Depuis quelques années, une nouvelle ressource a été découverte dans nos cours et jardins. (Et il ne s'agit pas des truffes de Truffe!)

Vers 1991, par exemple, l'ancienne ville de Montréal comptait environ 432 000 arbres sur son territoire, bordant ses rues et artères (plus du quart du total), plantés dans les parcs grands et petits de l'agglomération, ou poussant sur des propriétés privées. En général, quand on s'inquiète de la coupe des arbres en ville, c'est parce qu'on s'inquiète de la disparition d'arbres et de l'appauvrissement des espaces verts toujours trop rares...

Mais on ne se pose pas toujours la question de savoir ce qui arrive aux arbres coupés. Par exemple, la nouvelle Politique de l'arbre de Montréal (.PDF) cherche à limiter l'abattage sauvage d'arbres urbains mais n'évoque aucunement le sort des arbres abattus.

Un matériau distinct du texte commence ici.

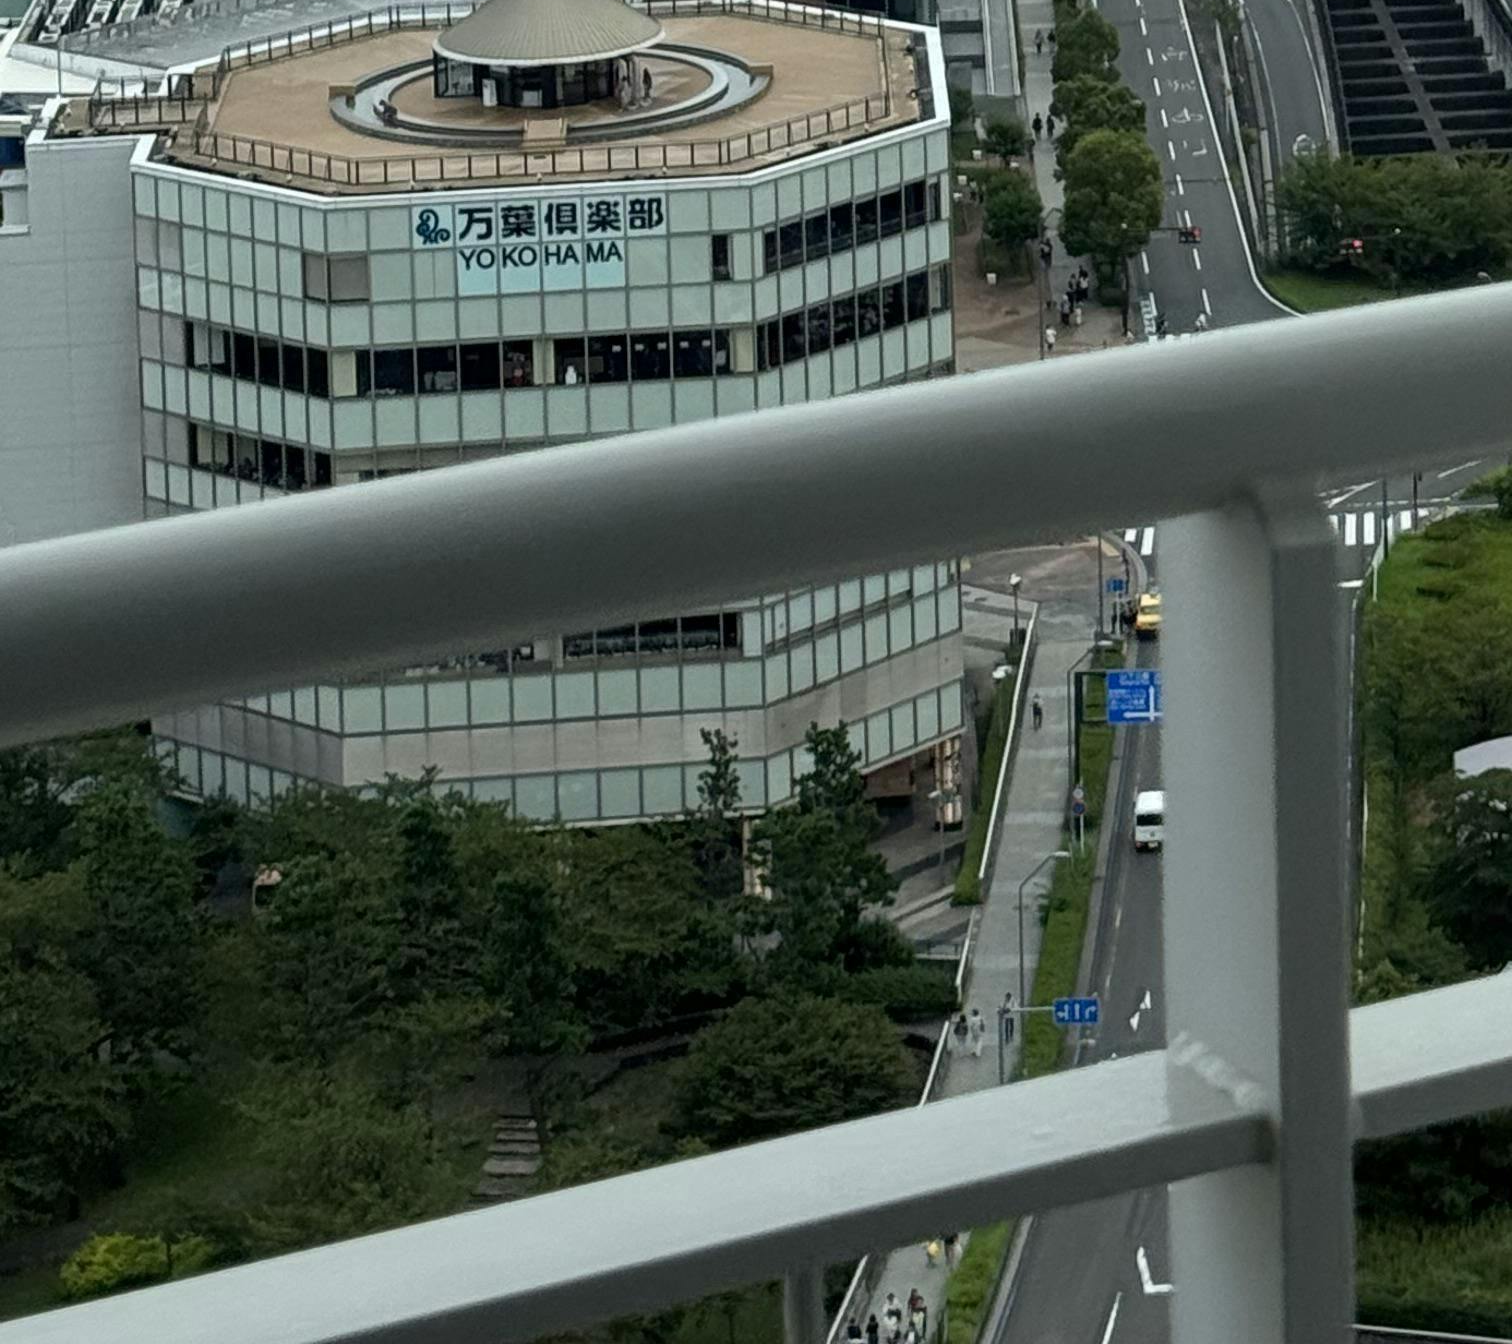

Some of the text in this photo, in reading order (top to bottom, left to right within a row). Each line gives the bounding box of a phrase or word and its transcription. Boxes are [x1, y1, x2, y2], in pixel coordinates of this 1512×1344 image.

Parfois, ils sont sans doute malades et irrécupérables, mais des arbres parfaitement sains seraient souvent jetés au dépotoir selon Sam Sherrill et les créateurs du site Harvesting Urban Timber, qui prônent l'utilisation du bois des arbres abattus en territoire urbain. Recyclage bien pensé : au lieu d'aller ratiboiser des forêts lointaines, on fabrique des meubles, etc. avec le bois des arbres qui sont déjà sur place dans les villes nord-américaines. Cela ne sauvera sans doute pas des forêts entières, mais, à tout le moins, on éviterait ainsi de gaspiller une ressource précieuse en l'expédiant à la décharge.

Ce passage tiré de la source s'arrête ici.